Novavax said that its vaccine appears nearly 90 percent effective against COVID based on initial clinical trials from a British study and that it also seems to offer protection against some variants of the virus, the company has announced.

The United Kingdom has secured 60 million doses of the Novavax vaccine, which will be produced in Stockton-on-Tees in northeast England.

British Prime Minister Boris Johnson welcomed the "good news," with doses of the vaccine expected to be delivered around June this year if granted approval by the Medicines and Healthcare Products Regulatory Agency (MHRA), officials said.

Novavax released interim results from two trials of its experimental treatment, one in the UK and another in South Africa. A third test in the U.S. has enrolled around 13,000 out of 30,000 planned subjects and will not release results for several more months.

The announcement by the Maryland-based biotechnology company comes in the face of concerns about whether a variety of vaccines being distributed globally will be effective enough to protect against the new strains – and as more countries desperately needs new types of vaccines to address dwindling supplies.

Novavax said that its candidate vaccine – which is given in two doses – was 95.7% effective against the original COVID variant and 85.7% effective against the one first detected in Europe, known as B.1.1.7, based on the outcome from its third-phase tests carried out in Britain.
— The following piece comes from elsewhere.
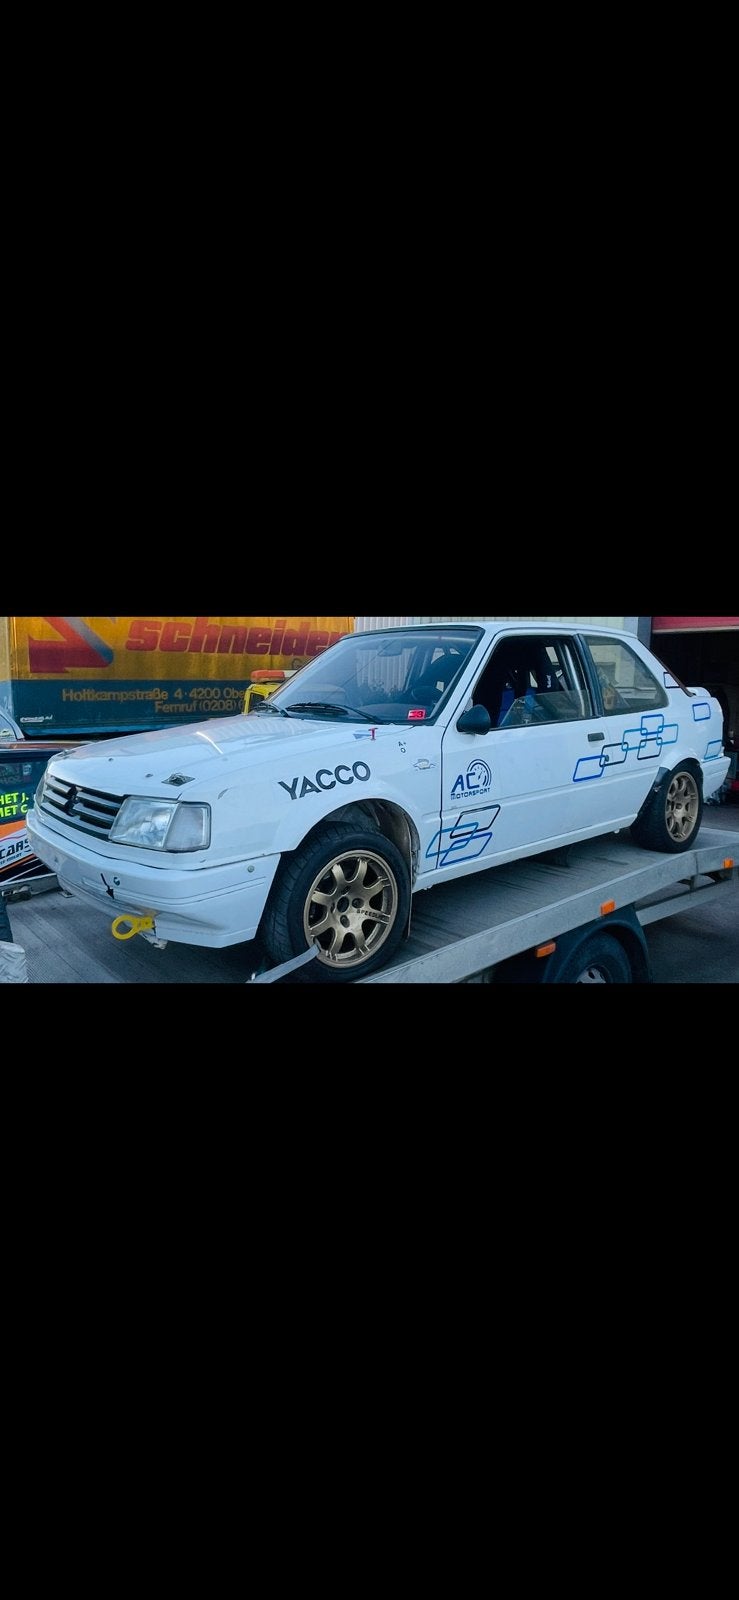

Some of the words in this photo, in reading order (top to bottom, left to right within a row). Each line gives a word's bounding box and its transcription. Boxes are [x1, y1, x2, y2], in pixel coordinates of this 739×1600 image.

This provided average effectiveness of 89.3%.

The study made in South Africa included some participants with HIV. Among the HIV-negative patients, the Novavax vaccine appears 60 percent effective. Including those with HIV, the protection was almost 50 percent, the company said.

The UK has so far granted emergency use authority (EUA) to three COVID vaccines – one from Oxford University and AstraZeneca, another by Pfizer/BioNTech, and a third from pharmaceutical group Moderna.

Final data are expected to be released in a few weeks, Stanley Erck, Novavax president and chief executive officer, said in a Thursday media briefing.

"These are impressive results, and we're very pleased to have helped Novavax with the development of this vaccine," Clive Dix, chair of the British Vaccine Taskforce, said in a statement.

Professor Paul Heath, the chief investigator of the British Novavax clinical test, said the outcome was very important, particularly in relation to the effectiveness against the UK variant.

The results held positive implications for vaccine development as new strains transpire, adding there was "a lot of light now at the end of the tunnel," Heath said in remarks quoted by CNN.